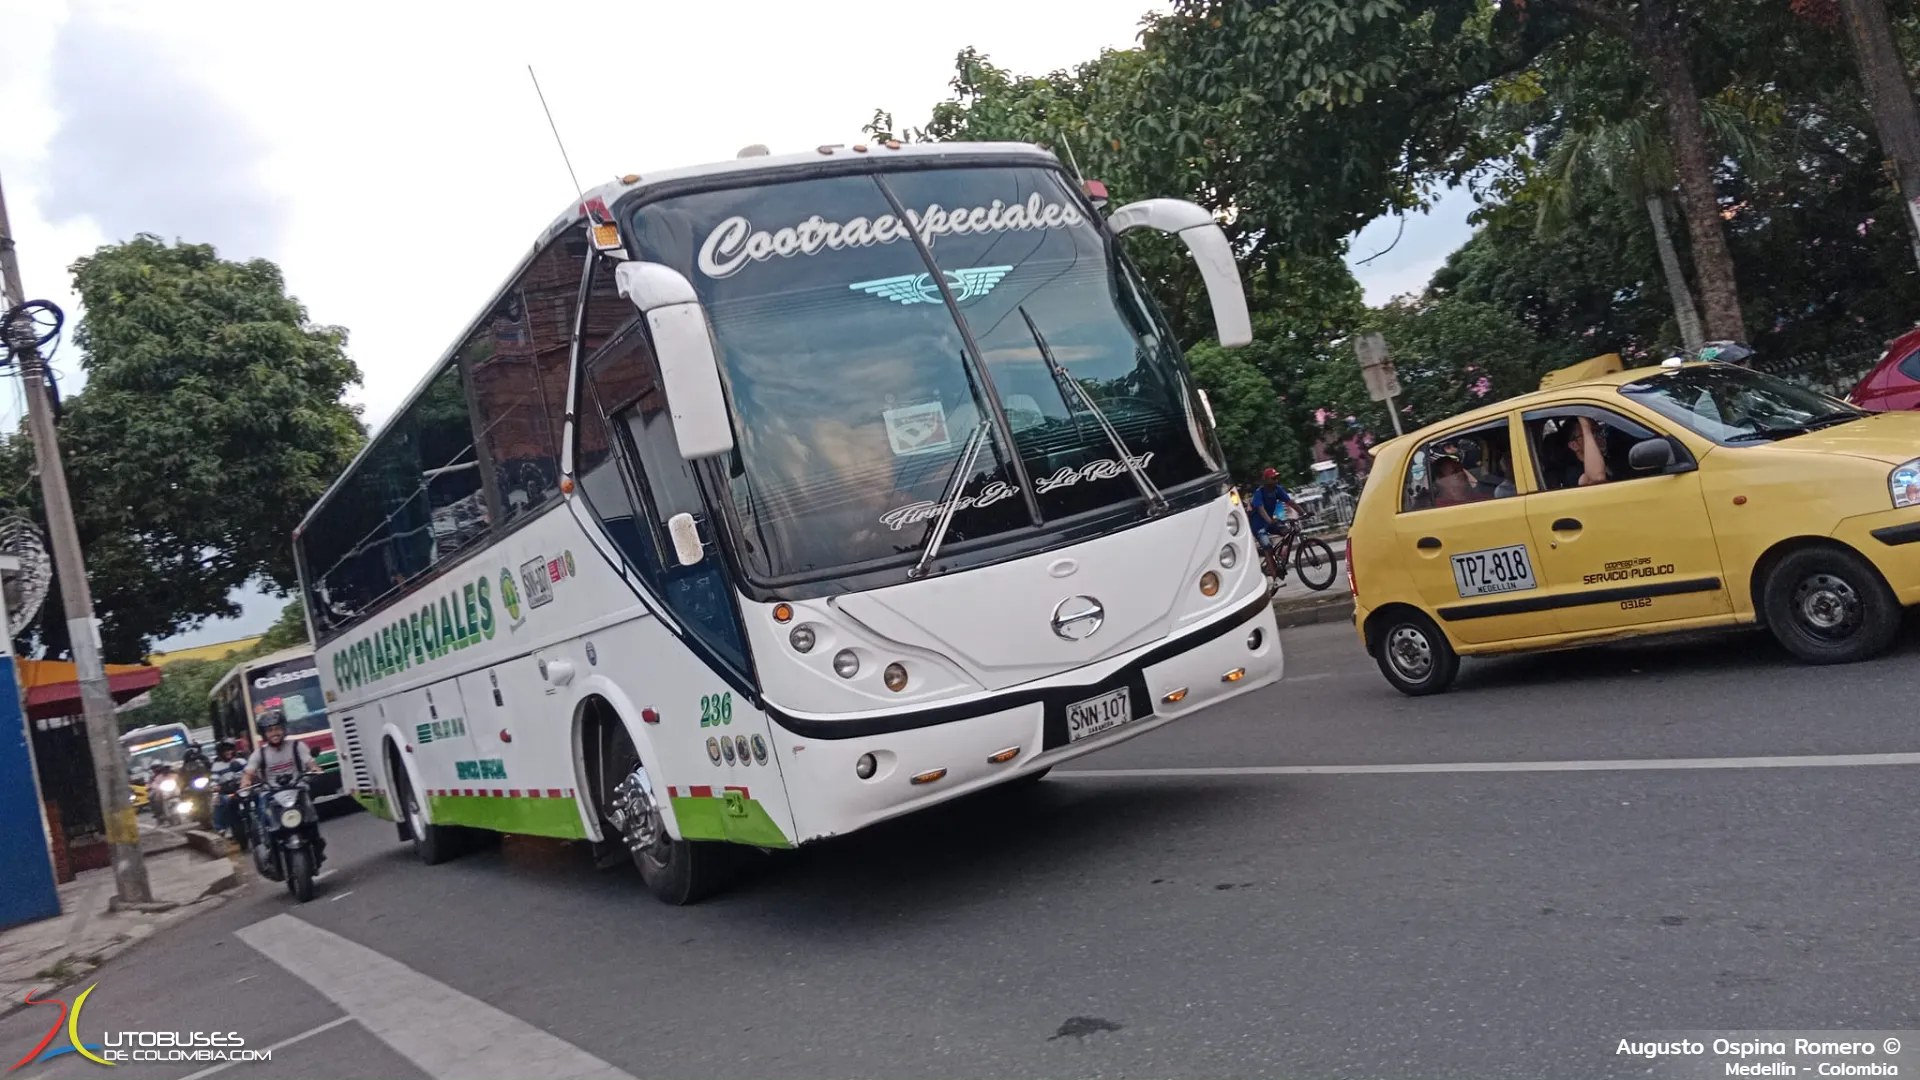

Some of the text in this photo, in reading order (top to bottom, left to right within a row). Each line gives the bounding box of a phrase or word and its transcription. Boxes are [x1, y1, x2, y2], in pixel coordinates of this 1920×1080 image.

[698, 192, 1085, 278] Cootraespeciales
[1036, 466, 1081, 493] La
[1583, 570, 1628, 585] SERVICIO
[1620, 598, 1652, 610] 03162
[333, 576, 496, 692] COOTRAESPECIALES
[700, 691, 732, 728] 236
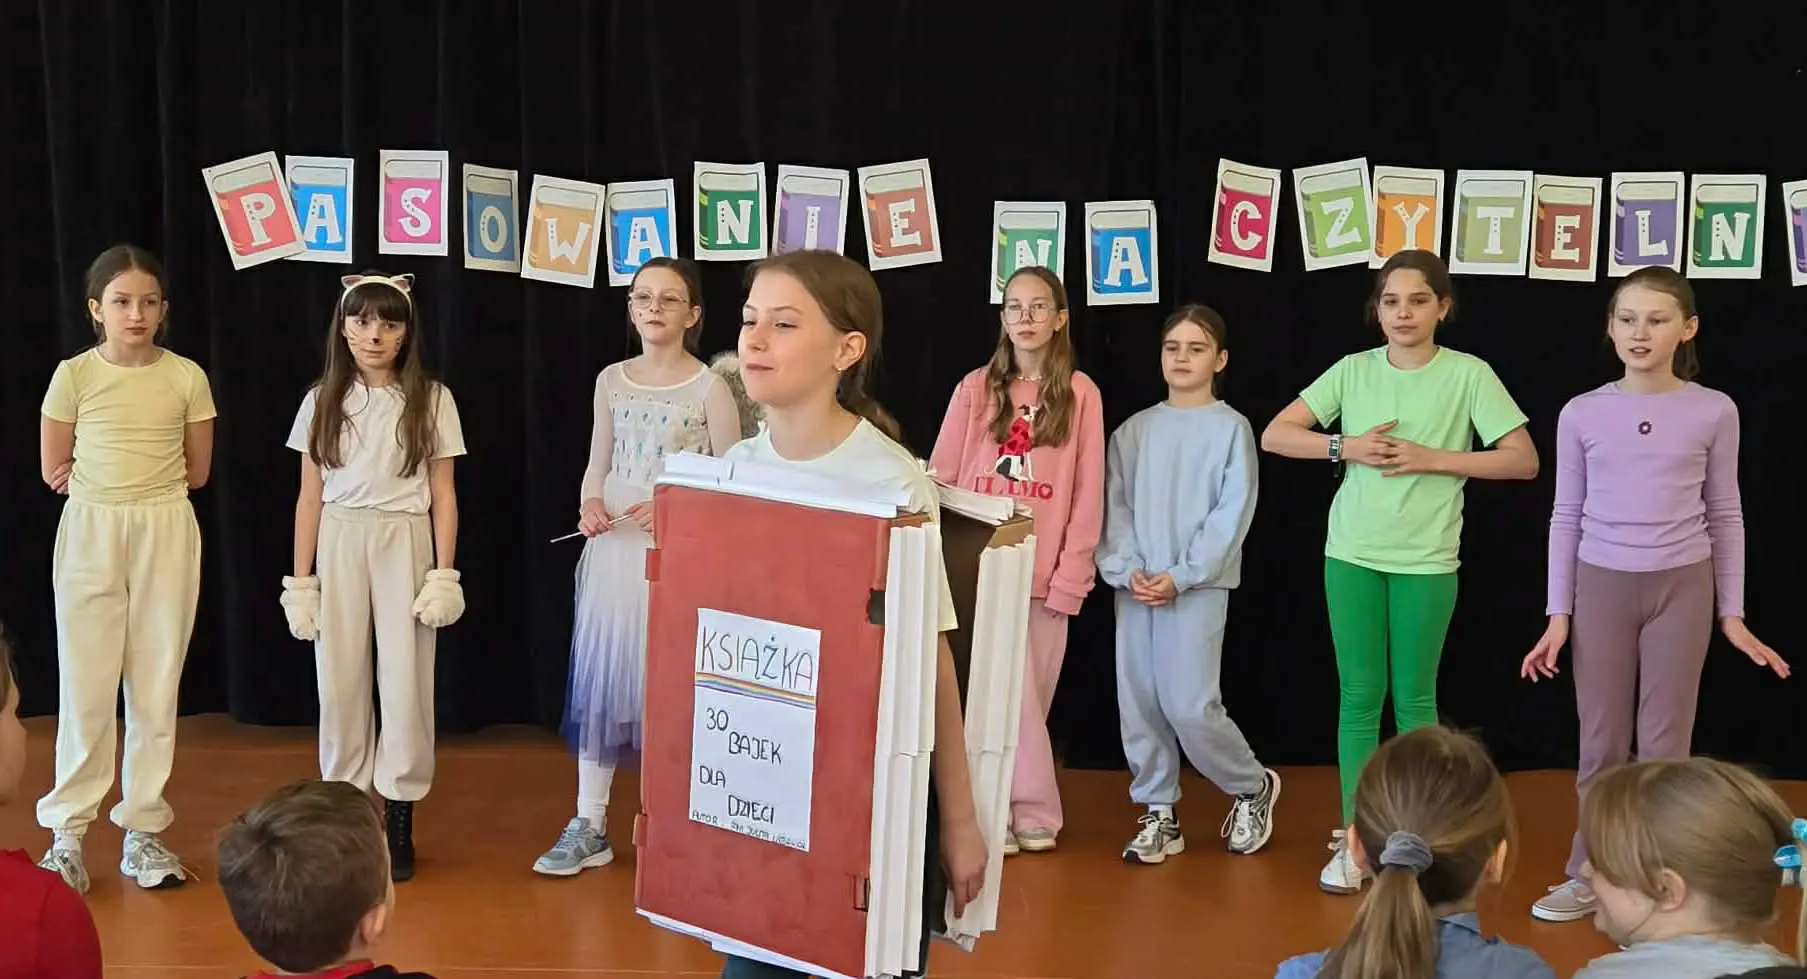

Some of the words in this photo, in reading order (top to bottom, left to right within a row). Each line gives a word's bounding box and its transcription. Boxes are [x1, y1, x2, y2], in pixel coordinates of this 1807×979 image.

##############################

→ **EXERCISE BRIEF**
Retype all the data exactly, please, without pictures.

→ **EXERCISE SOLUTION**
Some of the text in this photo, in reading order (top to bottom, left to right within a row). Each line gives the bounding box of a phrase or word and its transcription. Boxes are [x1, y1, x2, y2], in pixel coordinates of this 1920×1080 image.

[698, 192, 1085, 278] Cootraespeciales
[1036, 466, 1081, 493] La
[1583, 570, 1628, 585] SERVICIO
[1620, 598, 1652, 610] 03162
[333, 576, 496, 692] COOTRAESPECIALES
[700, 691, 732, 728] 236

Some of the words in this photo, in reading order (top to bottom, left to right within a row). Each line gives a word's bounding box and its transcription. Boxes are [x1, y1, x2, y2], in pixel coordinates of this 1807×979 image.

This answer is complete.